Discussion thread	-
Vote thread	-
JIRA	-
Release	-

Please keep the discussion on the mailing list rather than commenting on the wiki (wiki discussions get unwieldy fast).

Motivation

Let's consider a use-case where user wants to bootstrap job state (operatorA and operatorB in the figure below) using records from a bounded source. There is no need to emit any records when the job is still processing records from the bounded source. After this bootstrap phase is done (i.e. all records from the bounded source have been processed by operatorA and operatorB), user wants to process records from the unbounded source and emit results continuously in real-time. Additionally, we assume operatorA involves aggregation computation (e.g. co-group) and its throughput in batch mode can be 10X faster than in stream mode (see Benchmark Results below).
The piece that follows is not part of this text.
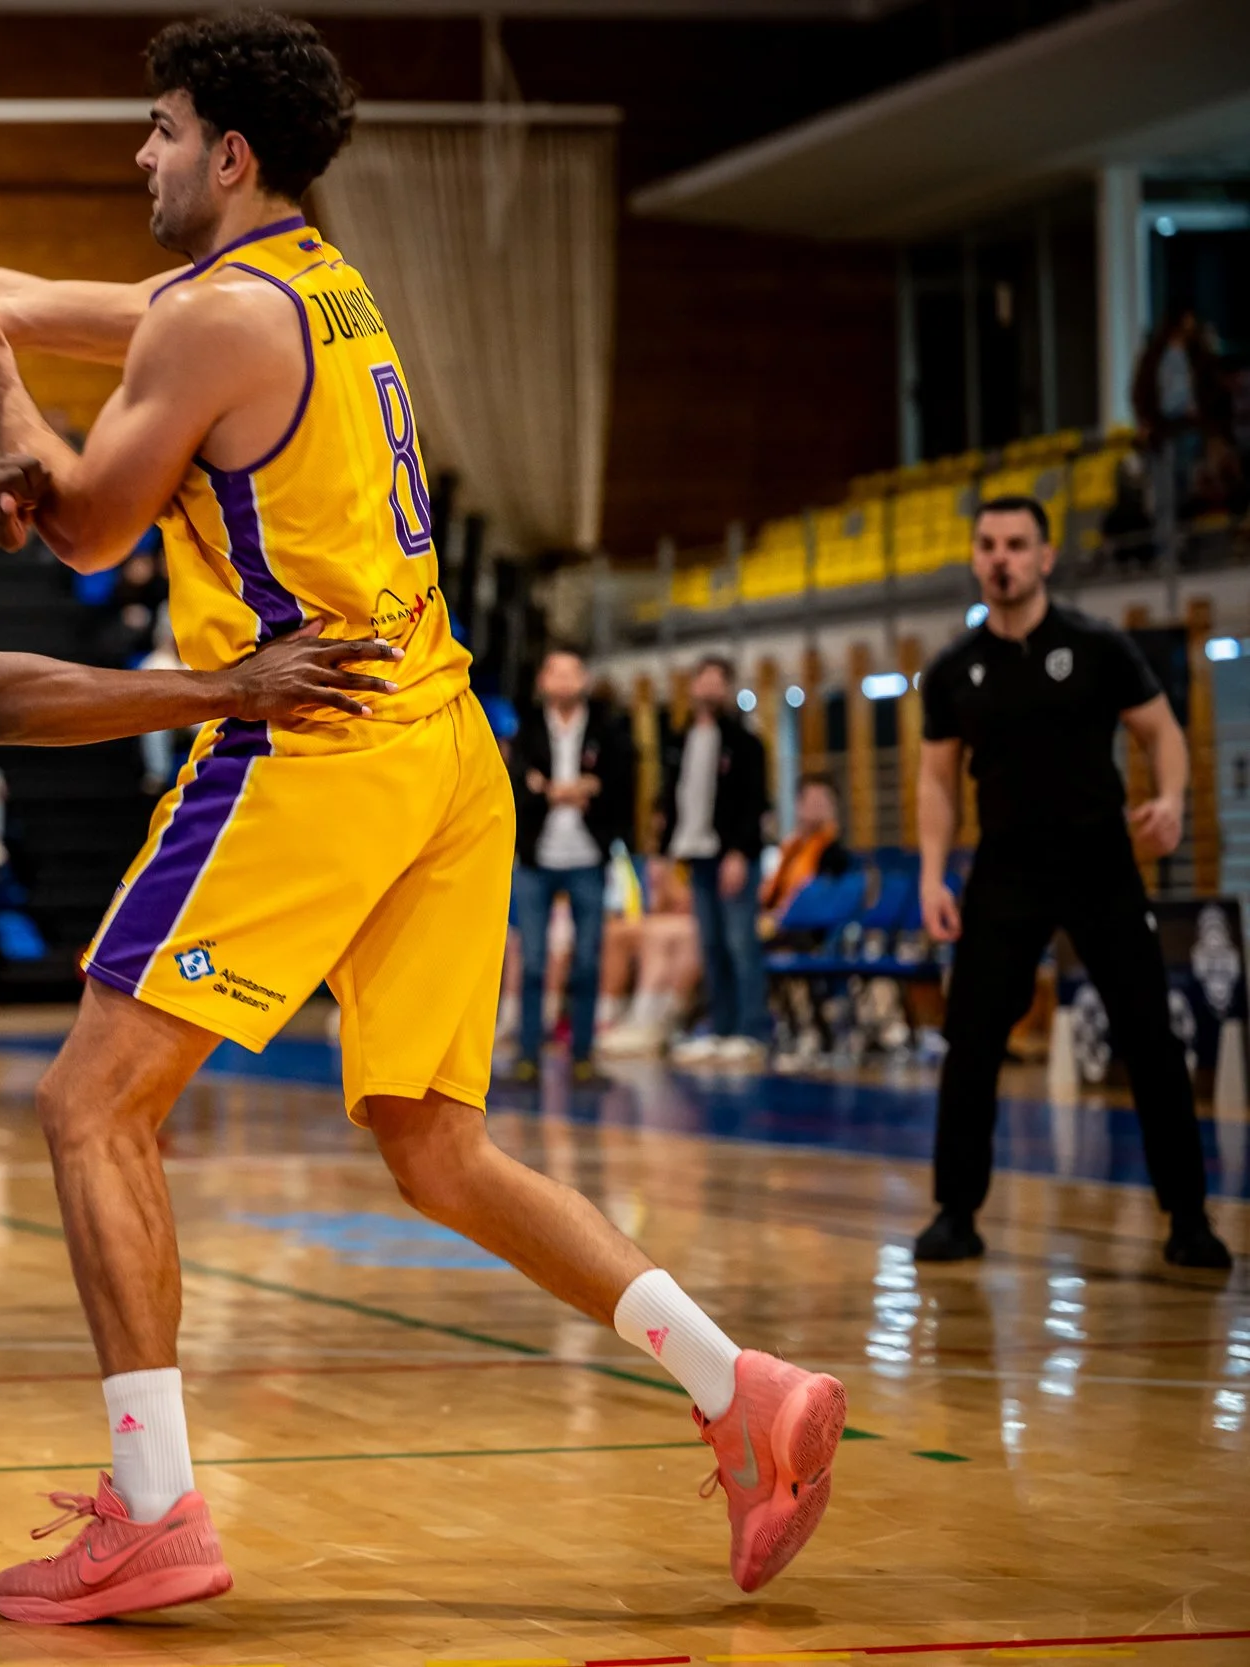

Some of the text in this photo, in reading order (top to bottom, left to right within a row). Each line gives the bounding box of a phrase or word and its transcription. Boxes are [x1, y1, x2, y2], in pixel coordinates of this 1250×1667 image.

Currently, supporting such use-case requires all operators to be deployed at the start of the job and run in the streaming mode. This approach has a couple drawbacks: 1) operatorA is 10X slower than when it is run in batch mode; 2) it is a waste of slot resource to deploy operatorB when it can not do more useful work than waiting for results from operatorA; and 3) operatorB might end up spilling a lot of records from the unbounded source to its local disk until it has received all records from operatorA.

In this FLIP, we propose to optimize performance for the above use-case by 1) allowing operator to declare its attributes (e.g. isOutputOnEOF) so that JM will deploy its downstream operators only after this operator finishes; and 2) allowing a given operator to effectively switch from batch mode to stream mode during execution. We hope these capability can further enhance Flink as a stream-batch unified processing engine.

Background

An operator is a batch-only operator when it meets the following properties:

The operator should emit records only after all its inputs have ended. There is no requirement on processing latency.
The operator does not need to support checkpointing. Thus operator can use arbitrary optimization (e.g. sorting).
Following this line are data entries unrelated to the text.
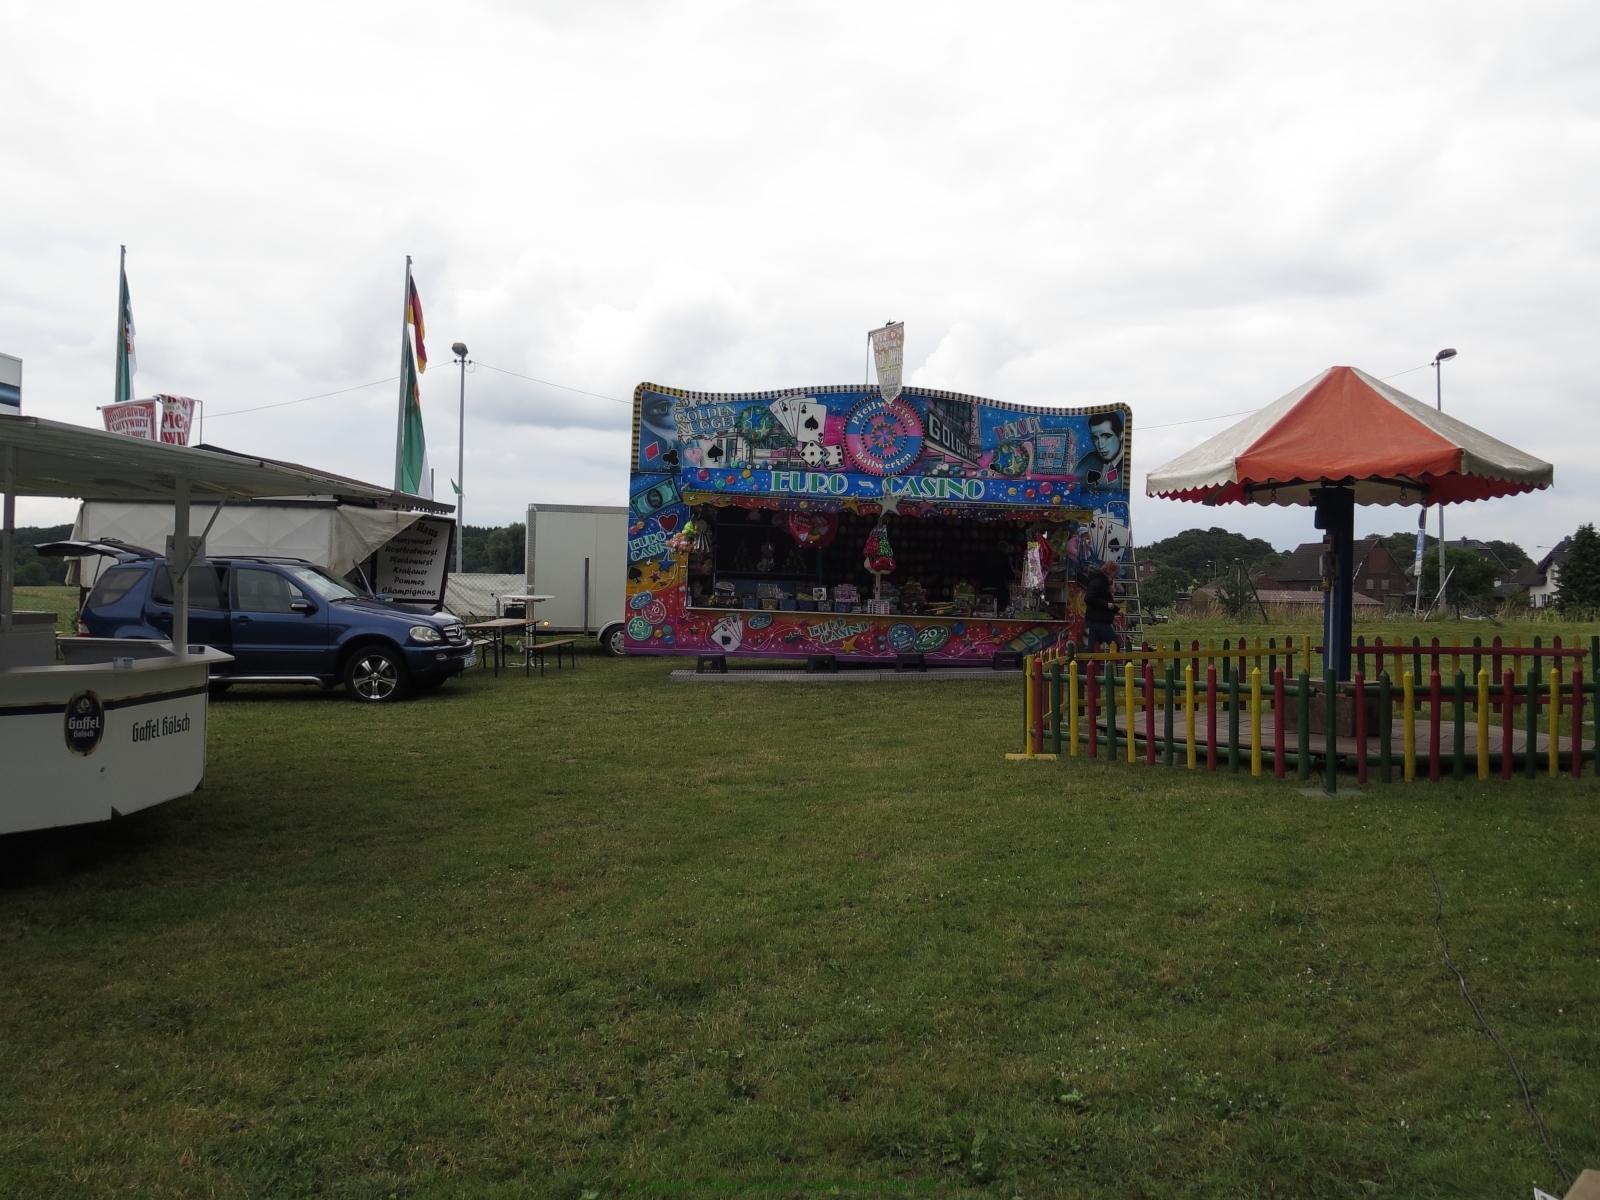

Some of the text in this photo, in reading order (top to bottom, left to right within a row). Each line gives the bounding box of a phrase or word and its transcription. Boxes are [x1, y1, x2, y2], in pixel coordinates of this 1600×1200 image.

[106, 407, 152, 424] Rostbratwurst
[674, 405, 736, 423] GOLDEN
[851, 401, 915, 427] Pfeilwerfen
[112, 418, 149, 432] Currywurst
[677, 415, 736, 434] NUGGET
[993, 415, 1043, 443] PAYOUT
[929, 413, 968, 459] GOLDEN
[855, 451, 912, 469] Ballwerfen
[770, 470, 849, 494] EURO
[882, 475, 986, 501] CASINO
[416, 521, 439, 538] Haus
[391, 535, 433, 546] Currywurst
[385, 545, 438, 556] Rostbratwurst
[389, 555, 434, 566] Pferdewurst
[392, 566, 428, 576] Krakauer
[393, 576, 426, 586] Pommes
[381, 586, 436, 597] Champignons
[820, 620, 870, 644] CASINO
[920, 628, 938, 642] 20
[68, 715, 100, 730] Gaffel
[132, 712, 190, 743] Gaffel Kölsch
[73, 729, 95, 738] Kölsch
An operator is a stream-only operator when it meets the following properties:

The operator should emit records continuously while it is still processing input records. Processing latency needs to be low.
The operator should support checkpointing. Thus operator should only use optimizations compatible with checkpoint.
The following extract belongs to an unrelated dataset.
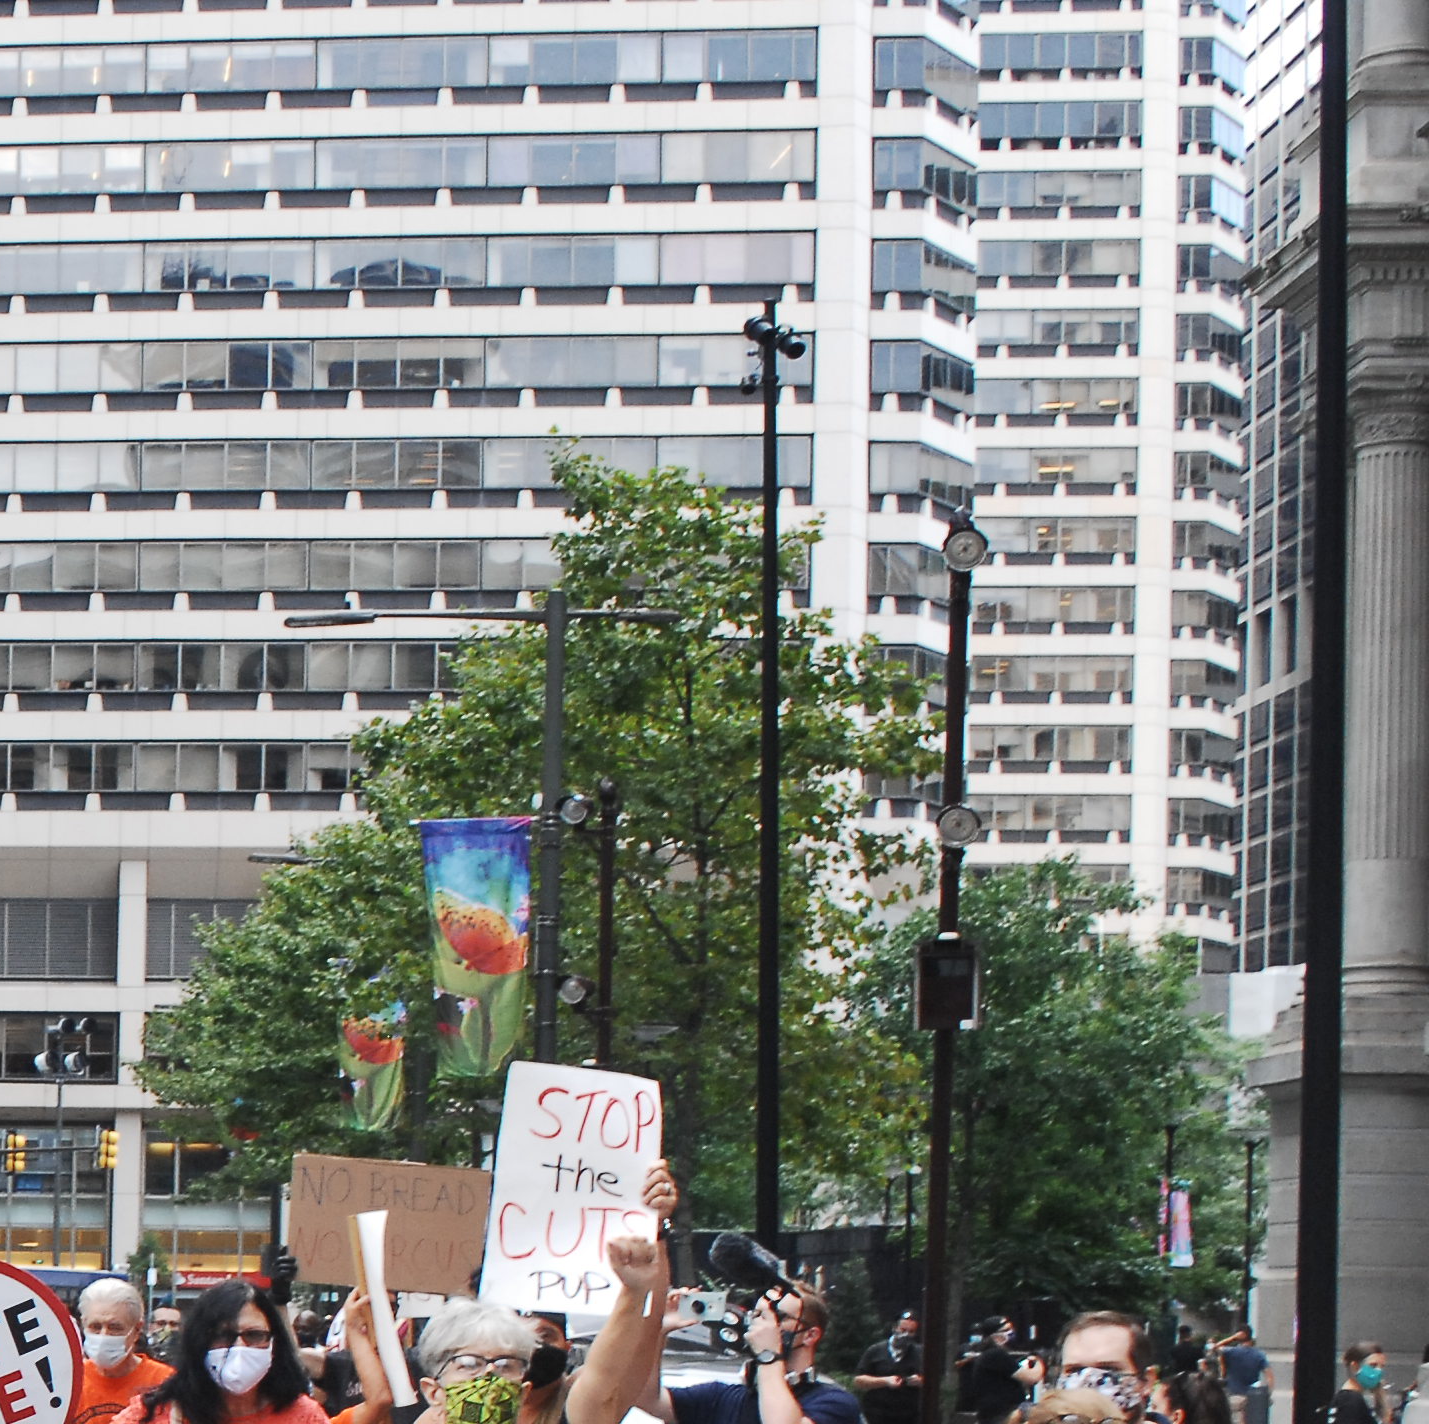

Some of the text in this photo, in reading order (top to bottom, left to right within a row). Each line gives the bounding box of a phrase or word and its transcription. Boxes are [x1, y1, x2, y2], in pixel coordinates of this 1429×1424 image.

[529, 1087, 656, 1153] STOP
[301, 1165, 477, 1216] NO BREAD
[541, 1154, 623, 1197] the
[294, 1227, 342, 1267] NO
Based on the definitions specified above, we can see that if a use-case do not need low processing latency, then it should use batch-mode operators to maximize throughput. Otherwise, it should use stream-mode operators to achieve low processing latency.

However, for use-case that need low processing latency only after some backlog data has been processed, such as the one described in the motivation section, neither the stream-only operator nor the batch-only operator can deliver the optimal performance. Therefore, we define stream-batch unified operator as described below:

An operator is a stream-only operator when it meets the following properties:

The operator can extract and handle isBacklog (a boolean value) from its inputs.
While any of its inputs have isBacklog=true:
- The operator should not emit records. There is no requirement on processing latency during this stage.
- The operator does not need to support checkpointing. Thus operator can use arbitrary optimization (e.g. sorting) in this stage.
While all of its inputs have isBacklog=false:
- The operator should emit records continuously while it is still processing input records. Processing latency needs to be low.
- The operator should support checkpointing. Thus operator should only use optimizations compatible with checkpoint.

Public Interfaces

1) Add EndOfStreamWindows which is a subclass of WindowAssigner.

/**
 * This WindowAssigner assigns all elements to the same window that is fired iff the input
 * streams reach EOF.
 */
@PublicEvolving
public class EndOfStreamWindows extends WindowAssigner<Object, TimeWindow> {

    private static final TimeWindow TIME_WINDOW_INSTANCE =
            new TimeWindow(Long.MIN_VALUE, Long.MAX_VALUE);

    private EndOfStreamWindows() {}

    public static EndOfStreamWindows get() {
        return INSTANCE;
    }

    @Override
    public Collection<TimeWindow> assignWindows(
            Object element, long timestamp, WindowAssignerContext context) {
        return Collections.singletonList(TIME_WINDOW_INSTANCE);
    }

    @Override
    public Trigger<Object, TimeWindow> getDefaultTrigger(StreamExecutionEnvironment env) {
        return new EndOfStreamTrigger();
    }

    @Override
    public boolean isEventTime() {
        return true;
    }

    private static class EndOfStreamTrigger extends Trigger<Object, TimeWindow> {
        @Override
        public TriggerResult onElement(
                Object element, long timestamp, TimeWindow window, TriggerContext ctx)
                throws Exception {
            return TriggerResult.CONTINUE;
        }

        @Override
        public TriggerResult onEventTime(long time, TimeWindow window, TriggerContext ctx) {
            return time == window.maxTimestamp() ? TriggerResult.FIRE : TriggerResult.CONTINUE;
        }

        @Override
        public TriggerResult onProcessingTime(long time, TimeWindow window, TriggerContext ctx) {
            return TriggerResult.CONTINUE;
        }
        ...
    }
}

2) Add OperatorAttributesBuilder and OperatorAttributes for developers to specify operator attributes.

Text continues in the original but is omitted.